In an amicus curiae, or “friend of the court,” brief, the Reporters Committee for Freedom of the Press and the First Amendment Coalition agreed. They argued that narrow standards preventing the petitioner from being named the prevailing party harm the essential mission of CPRA by disincentivizing public interest lawyers to take on these cases.
The amici also made the point that, in this case, the university deployed an overly broad interpretation of the federal Family Rights and Privacy Act in order to conceal what should be public information. Outrageously, in my view, the Court of Appeal disregarded the presentation of the public interest groups and, with contorted reasoning, found a way to designate UC the prevailing party.
In a series of posts this week, Concussion Inc. will proceed to roll out our full critique of the Court of Appeal decision. We have uploaded a facsimile of the ruling, filed on November 1, at http://muchnick.net/courtofappeal.pdf.
The decision was written by associate justice Mark B. Simons. The division chief justice, Teri L. Jackson, who concurred, did not ask a single question at oral arguments on October 26. And none of the three justices even bothered to ask UC counsel to rebut the arguments made at the hearing by my appellate attorney, John Derrick.
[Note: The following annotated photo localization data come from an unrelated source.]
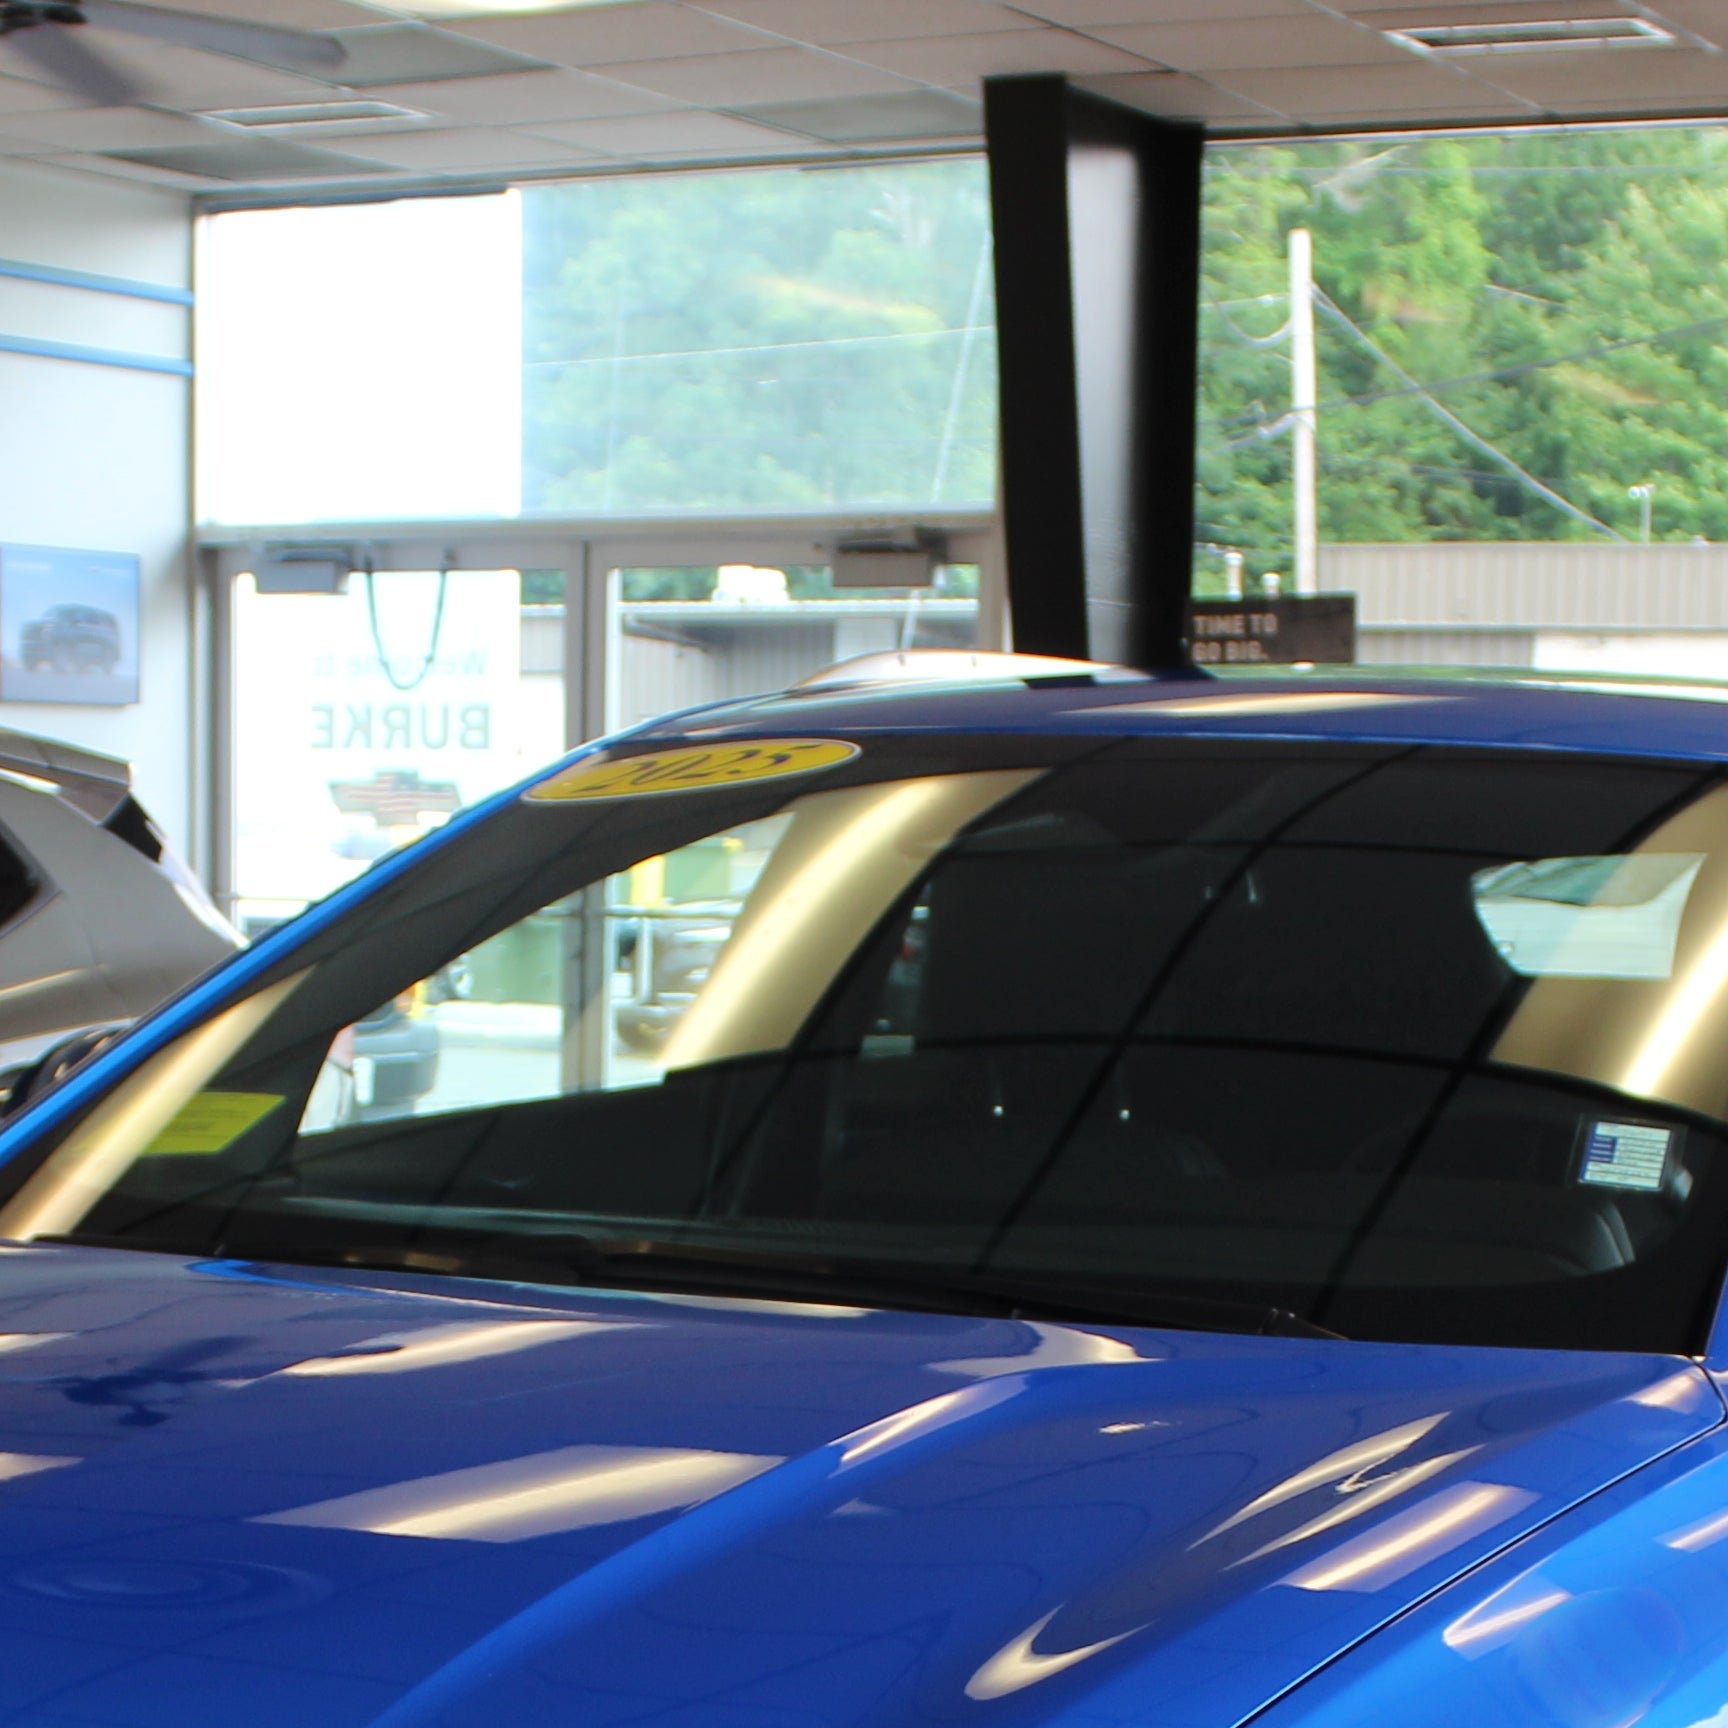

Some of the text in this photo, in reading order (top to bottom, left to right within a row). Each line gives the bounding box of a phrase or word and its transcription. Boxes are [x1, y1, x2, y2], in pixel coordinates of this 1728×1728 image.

[1193, 612, 1279, 636] TIME TO
[1192, 640, 1221, 663] GO
[570, 743, 823, 793] 2025
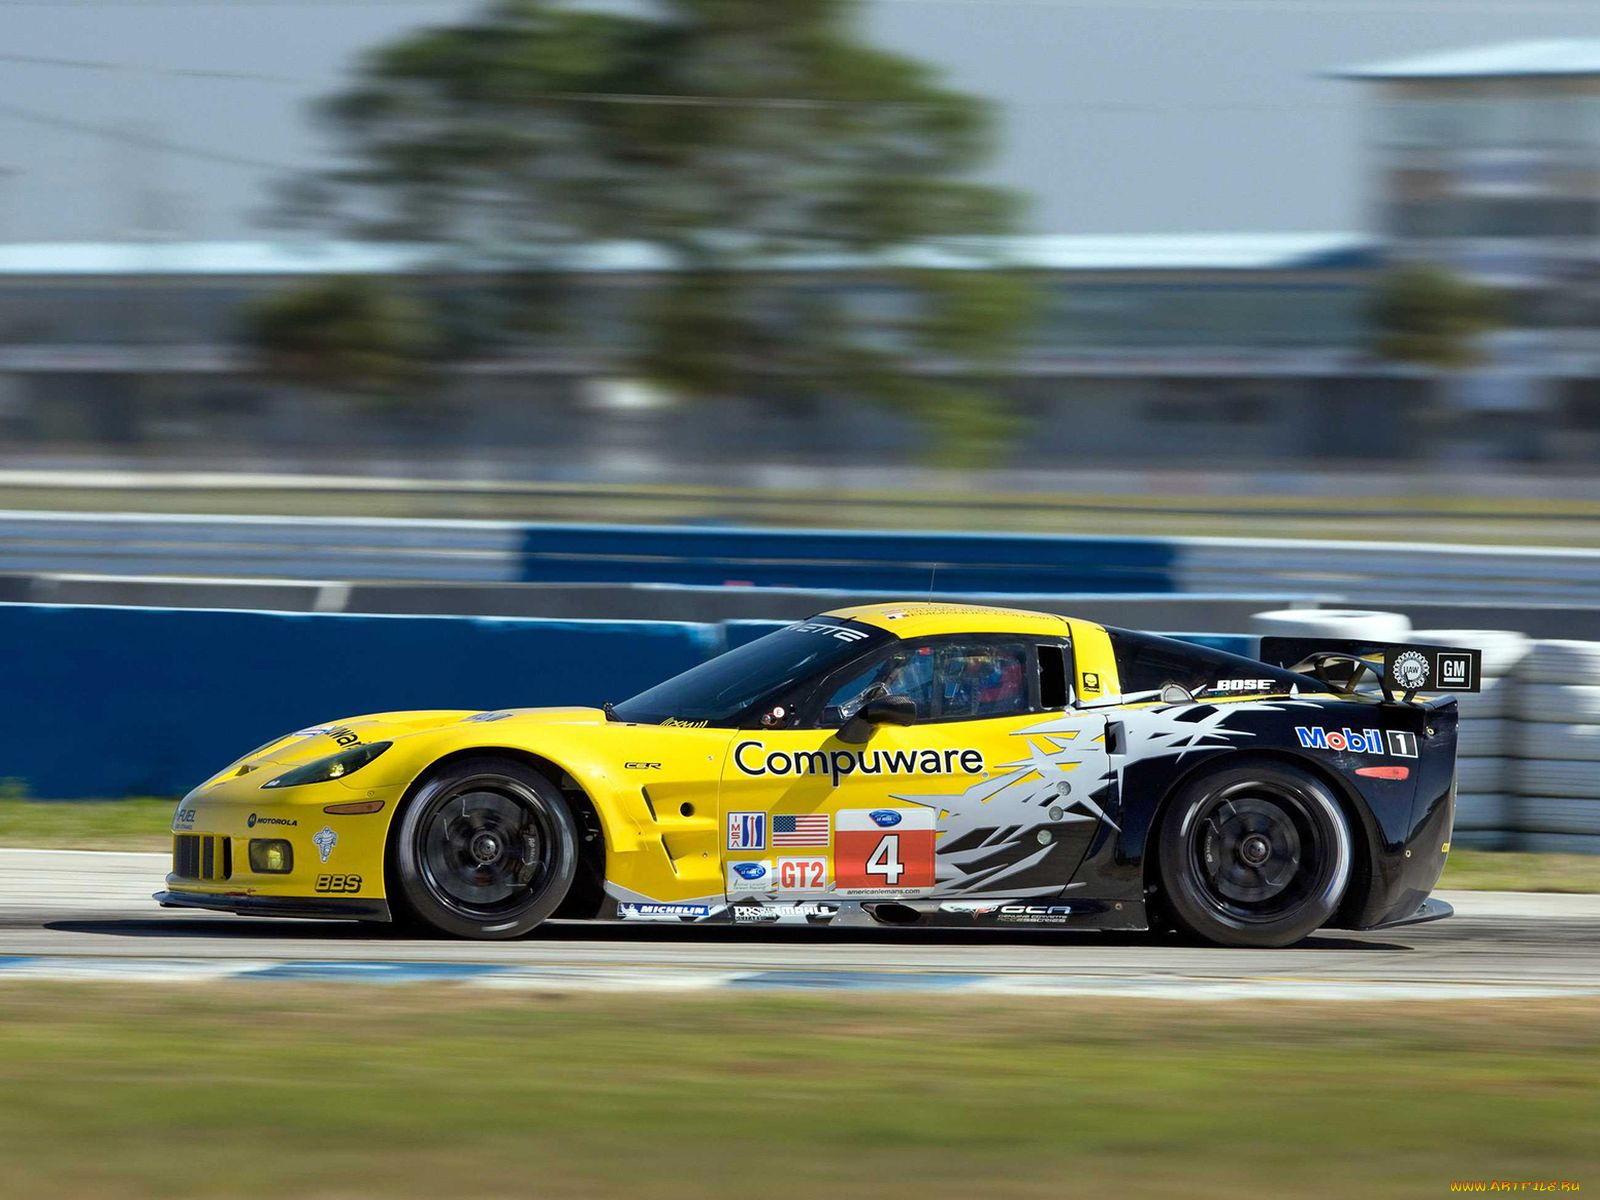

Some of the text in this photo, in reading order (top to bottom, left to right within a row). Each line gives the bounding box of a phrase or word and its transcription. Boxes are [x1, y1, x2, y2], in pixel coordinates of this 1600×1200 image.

[1403, 665, 1420, 674] UAW
[1443, 660, 1465, 677] GM
[1216, 679, 1276, 691] BOSE
[1295, 726, 1384, 755] Mobil
[735, 741, 983, 787] Compuware
[257, 817, 298, 827] MOTOROLA
[730, 815, 741, 848] IMSA
[865, 833, 905, 886] 4
[315, 874, 363, 893] BBS
[781, 861, 824, 889] GT2
[846, 888, 921, 896] americanlemans.com
[640, 905, 706, 915] MICHELIN
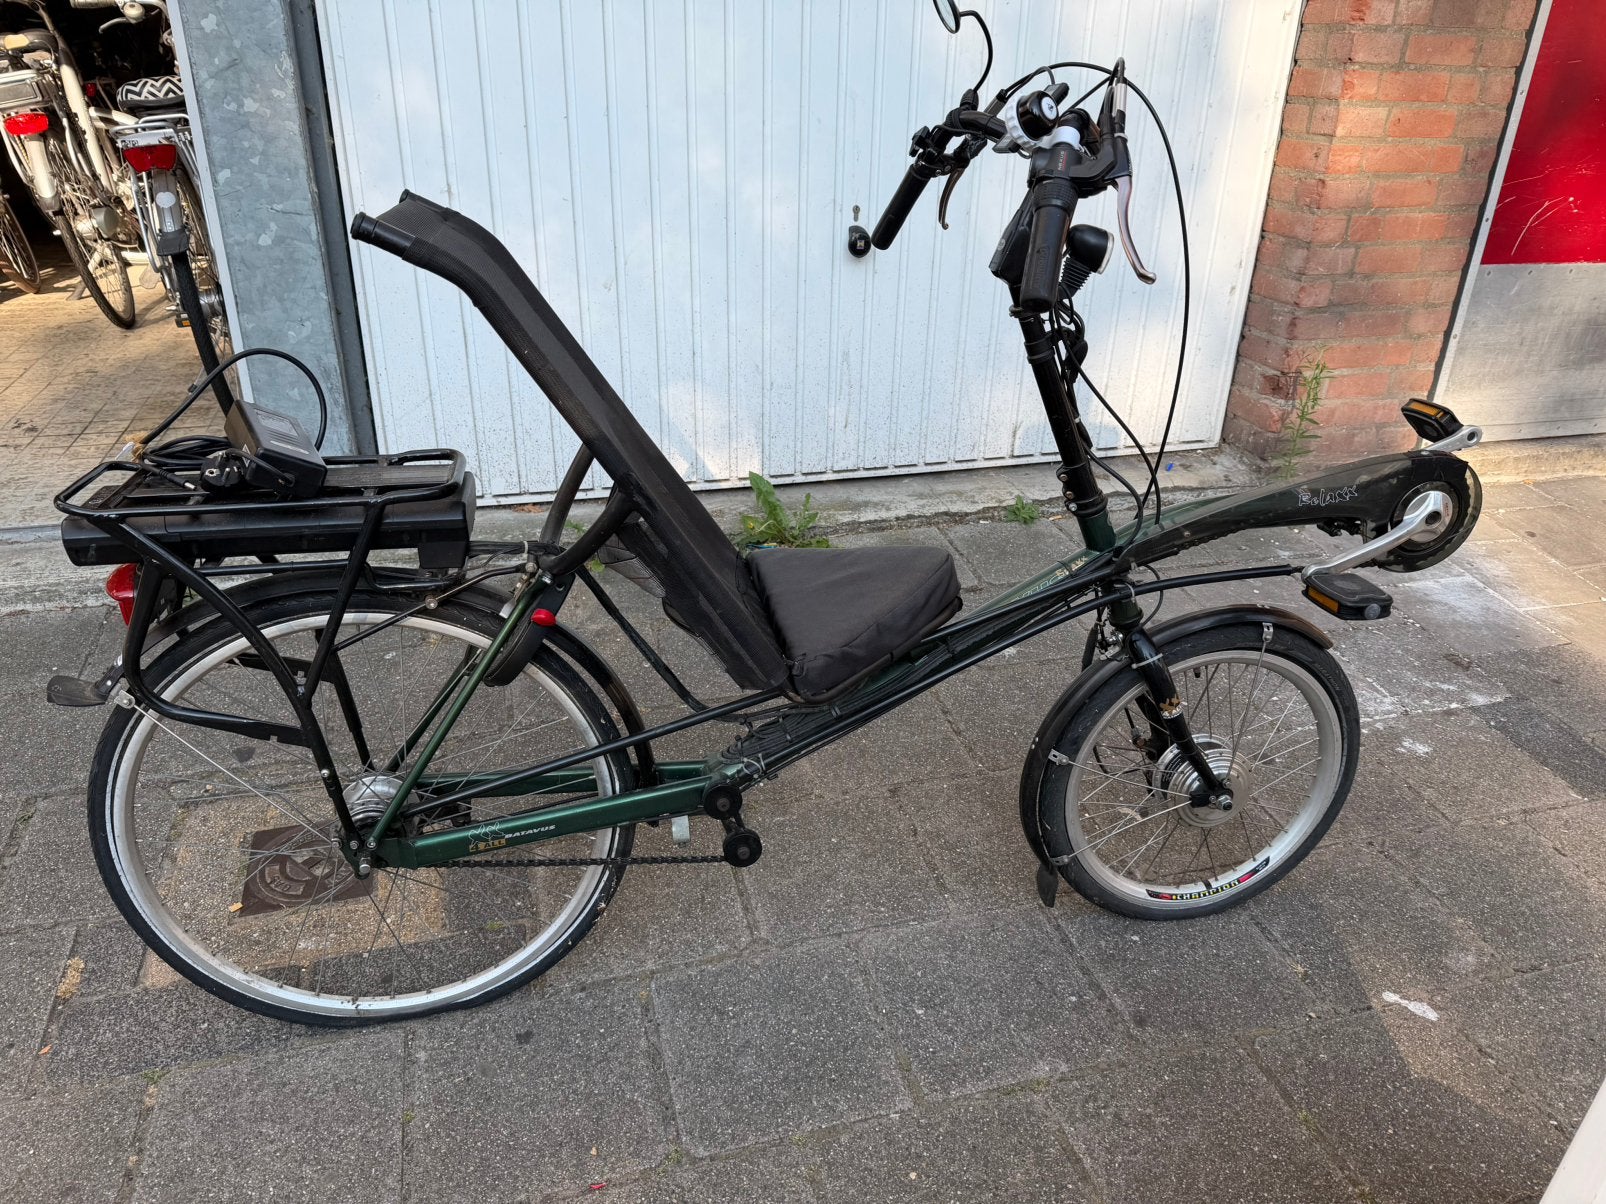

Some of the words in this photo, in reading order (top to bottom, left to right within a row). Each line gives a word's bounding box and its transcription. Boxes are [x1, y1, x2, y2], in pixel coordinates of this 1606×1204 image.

[504, 824, 556, 839] BATAVUS
[483, 840, 506, 850] ALL
[1177, 879, 1239, 900] CHAMPION
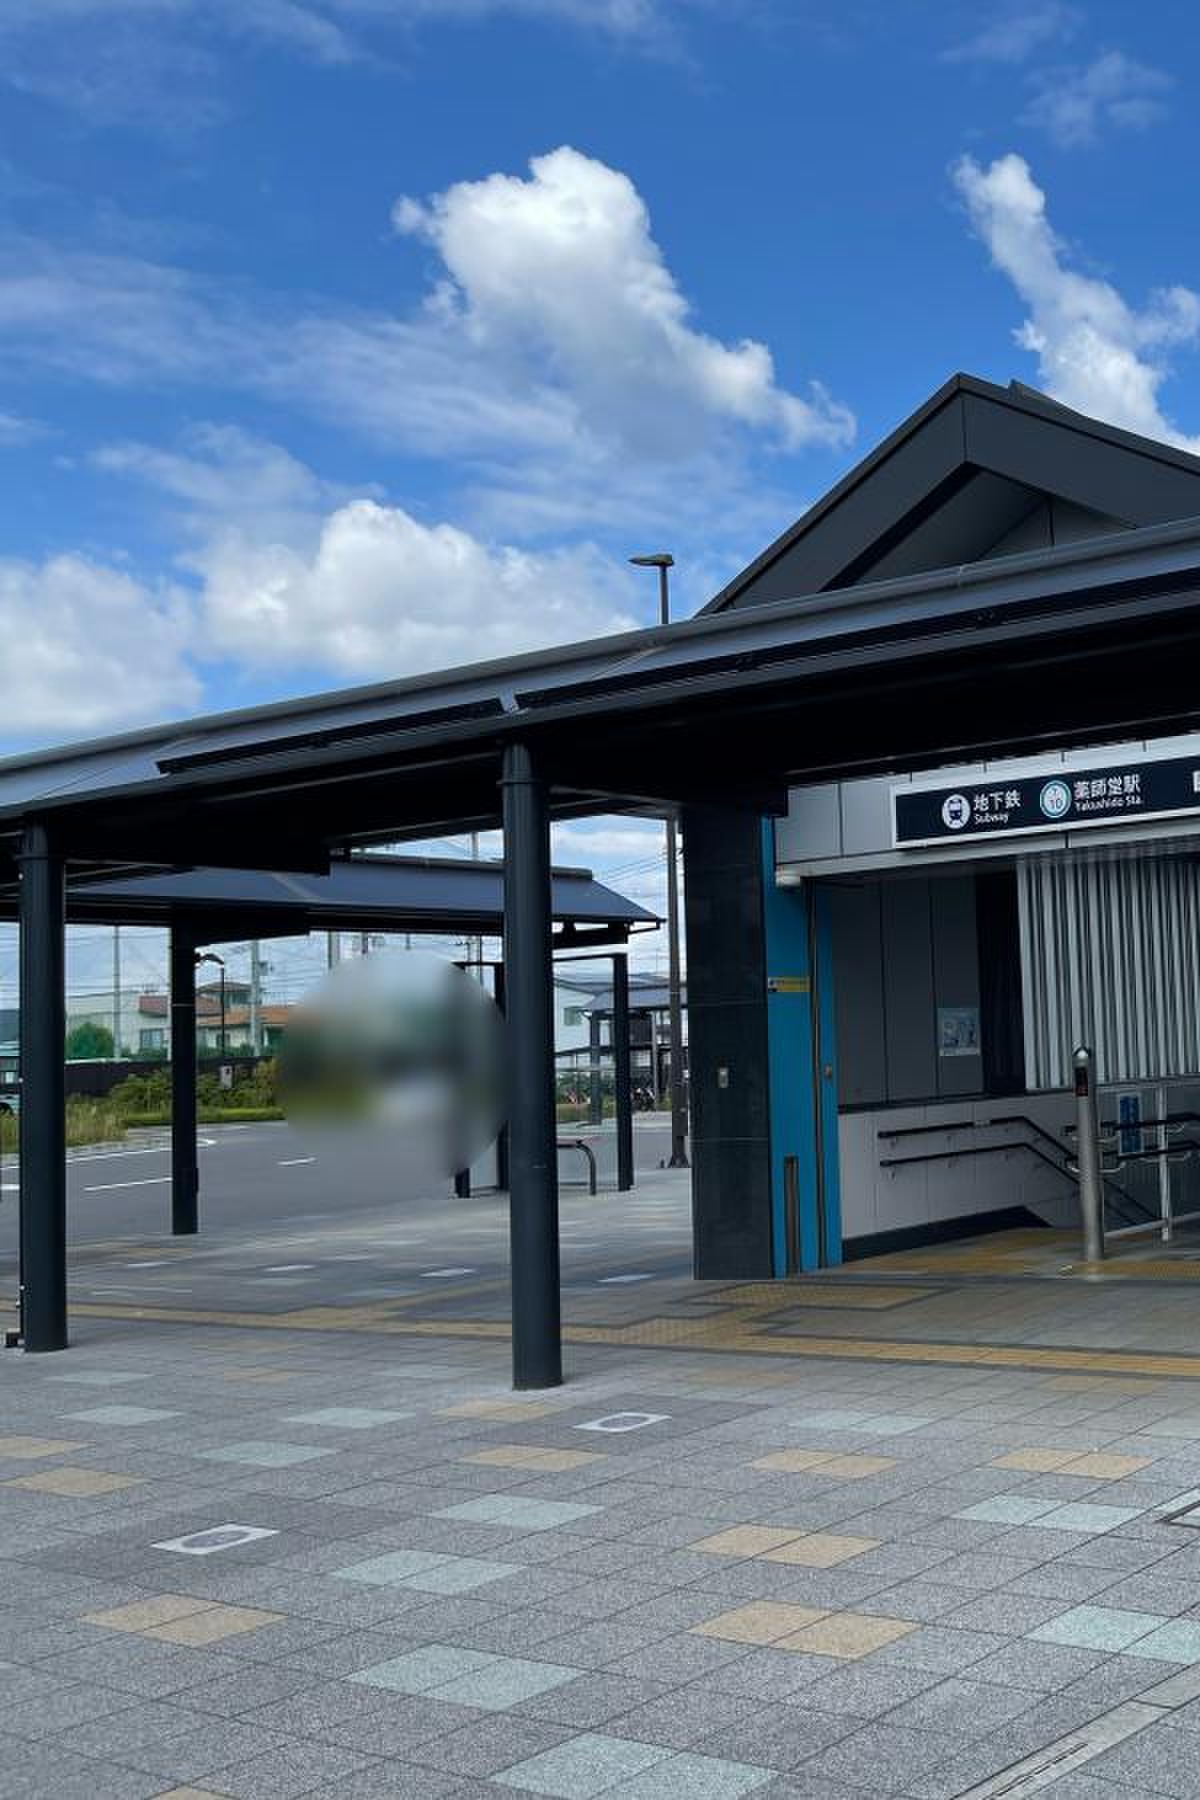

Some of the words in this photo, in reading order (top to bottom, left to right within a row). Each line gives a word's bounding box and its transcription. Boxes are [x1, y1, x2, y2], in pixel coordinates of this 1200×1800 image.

The only reflection of oral arguments in the final decision was the addition, to the earlier tentative ruling, of a footnote with a skewed summary of what Derrick said, along with the court’s rejection of it.
CPRA is in a bad place when a public entity-biased appellate court, which would be expected to defer to the discretion of the lower court judge, so casually blows off the interests of all of us in learning more about the inner workings of official agencies.